There's been quite a bit of chatter recently surrounding the hotly anticipated release of Network Performance Monitor v11, featuring the entirely new Quality of Experience (QoE) dashboard. At the center of what makes all of this amazing QoE information possible are Packet Analysis Sensors, which can be deployed either to the servers running the business critical applications themselves, or to a dedicated machine connected to a SPAN port which collects the same information completely out-of-band for multiple servers simultaneously. For all intents and purposes, these Packet Analysis Sensors could be considered specialized agents, solely dedicated to the purpose of collecting packet data from the network. But what if these "agents" could be used to monitor other aspects of the servers they were installed on, or leveraged to address many of the complicating factors and limitations associated with agentless monitoring? These were precisely the kind of questions we asked ourselves as we were developing the Packet Analysis Sensors for NPM.
What are these "complicating factors" you might ask? It depends on your environment's architecture. It's quite possible you have numerous uses for an agent today that you're not even aware of yet. Either due to network design obstacles or security requirements and concerns, there are many organizations that have had to make compromises regarding what they monitor, how, and to what extent. This has left blind spots on the network, where some servers or applications simply cannot be monitored to the full extent desired, or not at all in some cases. With the soon-to-be-released beta release of Server & Application Monitor (SAM) 6.2 we take Orion into a brave new world without compromise.
So what exactly are some of the challenges many of us face when attempting to monitor our server infrastructure and the applications that reside upon them?
This is a typical colloquialism you might hear when visiting the great state of Maine, but has been adopted by the IT community commonly to refer to situations where there's no route between two network segments. In most cases this is because one or both networks are behind a NAT device such as a firewall, and there's simply no way to get to the private address space behind the NAT without creating port forwarders, 1:1 address translations, or establishing a site-to-site VPN between the two networks.

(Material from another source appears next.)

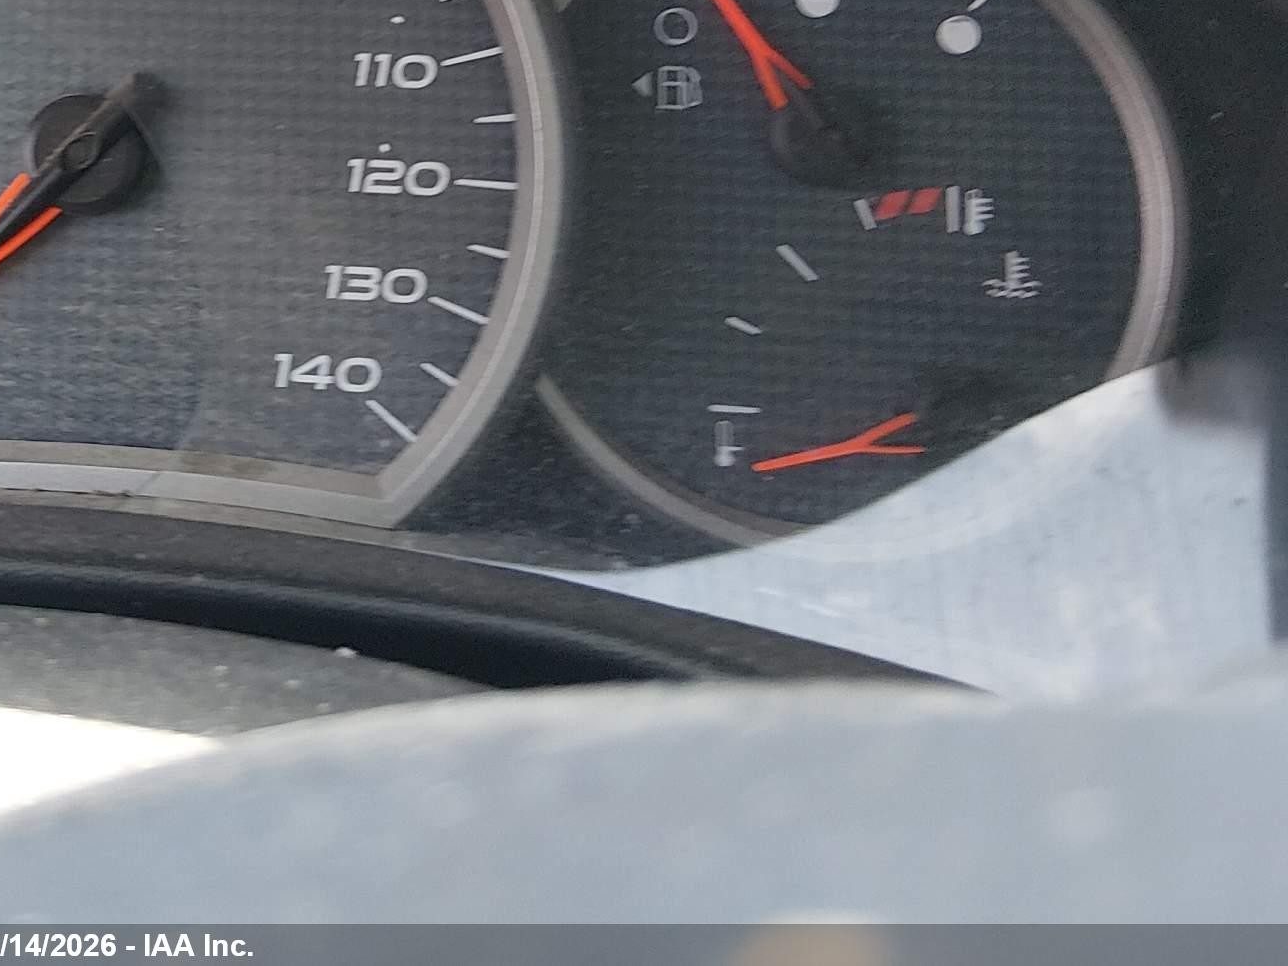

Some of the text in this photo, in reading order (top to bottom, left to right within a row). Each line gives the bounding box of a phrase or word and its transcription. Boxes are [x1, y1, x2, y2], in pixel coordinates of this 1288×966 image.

With the new Agent included in SAM 6.2, these problems are a thing of the past. This new agent supports two different modes of operation. In the scenario on the left, the Agent is functioning in "Agent initiated mode", which means all communications are initiated from the server where the agent is installed. No direct route from the Orion server or additional poller to the monitored host is required. No port forwarding needs to be configured at the remote site, nor do you need a pool of public routable IP addresses at each remote site for 1:1 address translation to each device you wish to monitor behind the NAT.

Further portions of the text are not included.